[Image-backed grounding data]
- - - - - - -

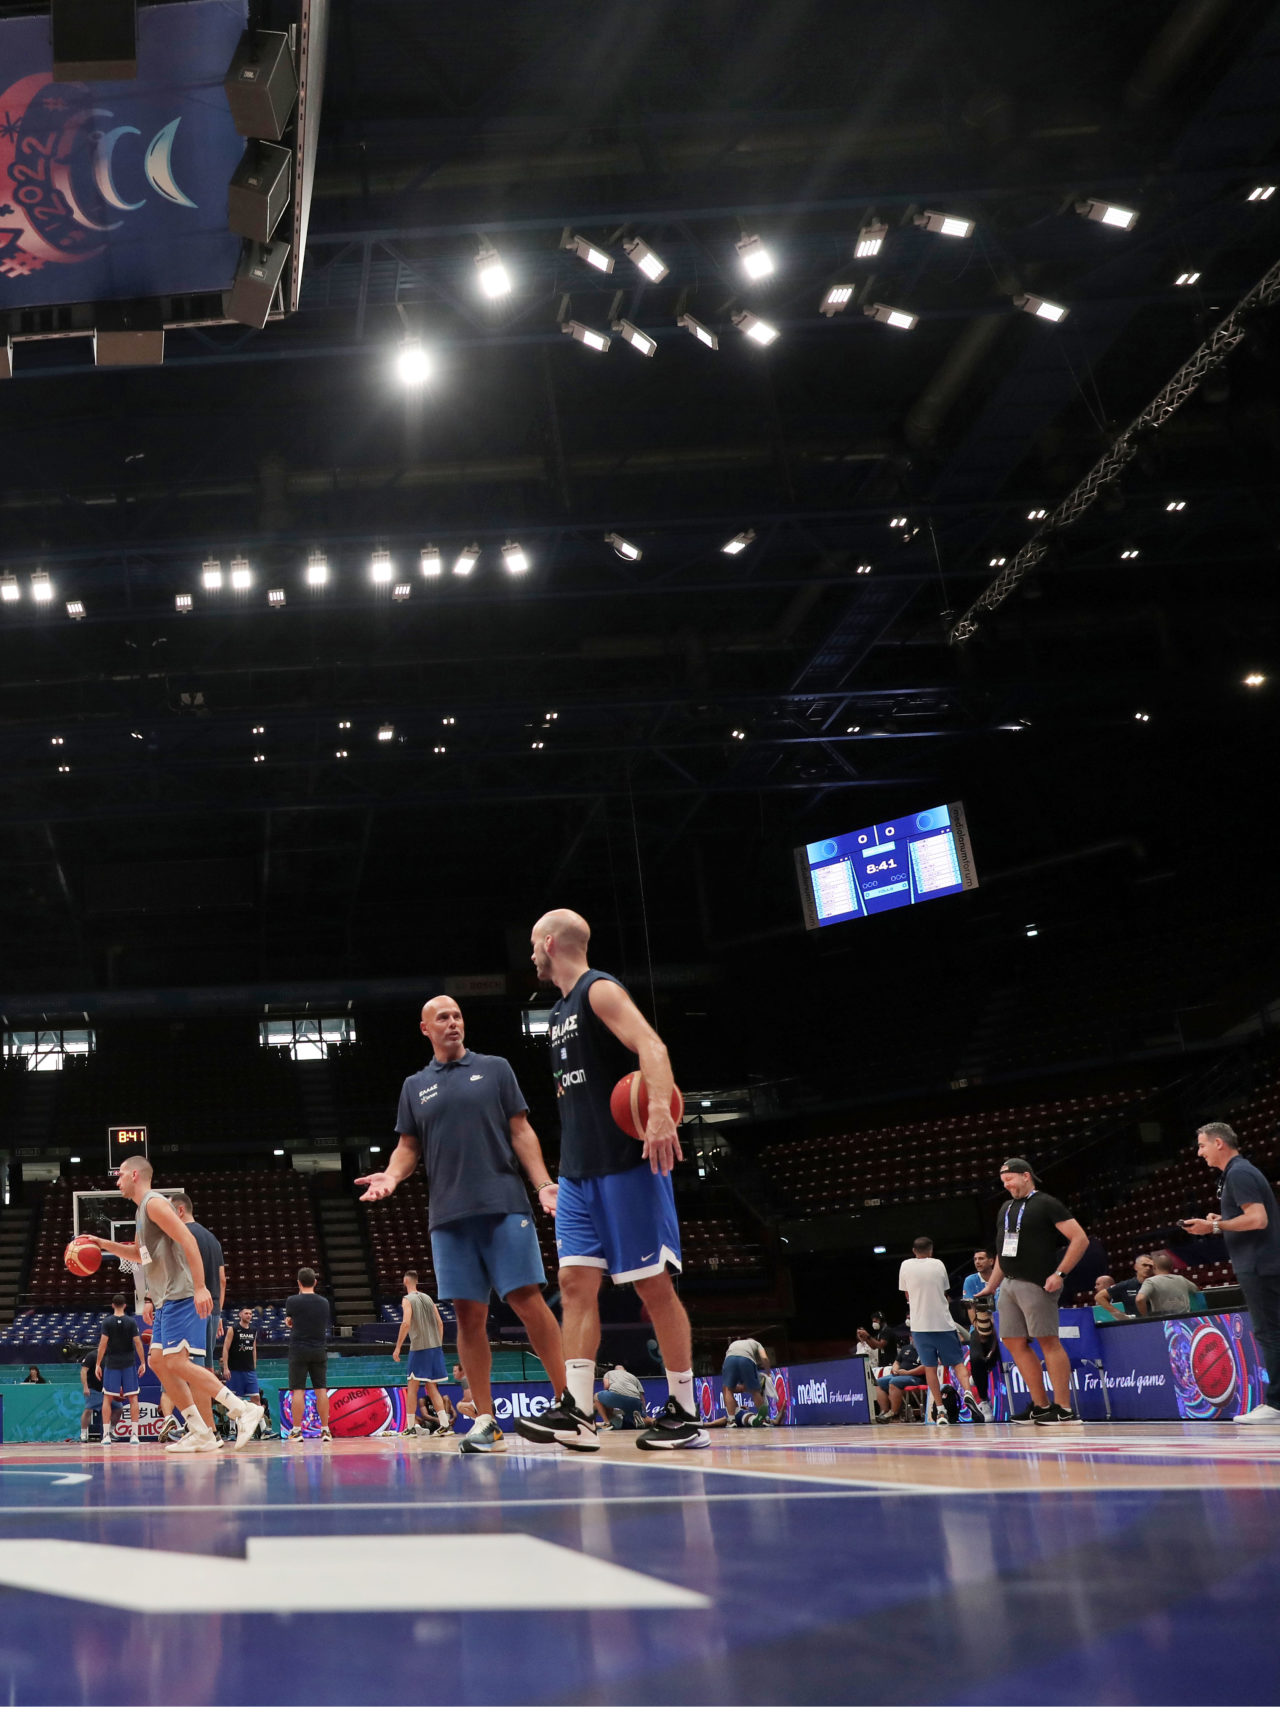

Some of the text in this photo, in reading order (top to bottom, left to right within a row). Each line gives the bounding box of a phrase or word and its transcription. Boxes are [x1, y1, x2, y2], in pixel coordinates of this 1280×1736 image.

[866, 858, 897, 874] 8:41
[119, 1131, 144, 1143] 8:41
[1084, 1373, 1098, 1391] For
[1116, 1369, 1136, 1388] real
[1137, 1374, 1166, 1394] game
[798, 1379, 828, 1405] molten

- - - - - - -

- **What the task asks**:
Set down every record above exactly as it stands, but skip the pictures.

- **Response to the task**:
Some of the text in this photo, in reading order (top to bottom, left to right within a row). Each line gives the bounding box of a phrase or word and its transcription. Boxes are [x1, y1, x2, y2], in pixel coordinates of this 1280×1736 image.

[866, 858, 897, 874] 8:41
[119, 1131, 144, 1143] 8:41
[1084, 1373, 1098, 1391] For
[1116, 1369, 1136, 1388] real
[1137, 1374, 1166, 1394] game
[798, 1379, 828, 1405] molten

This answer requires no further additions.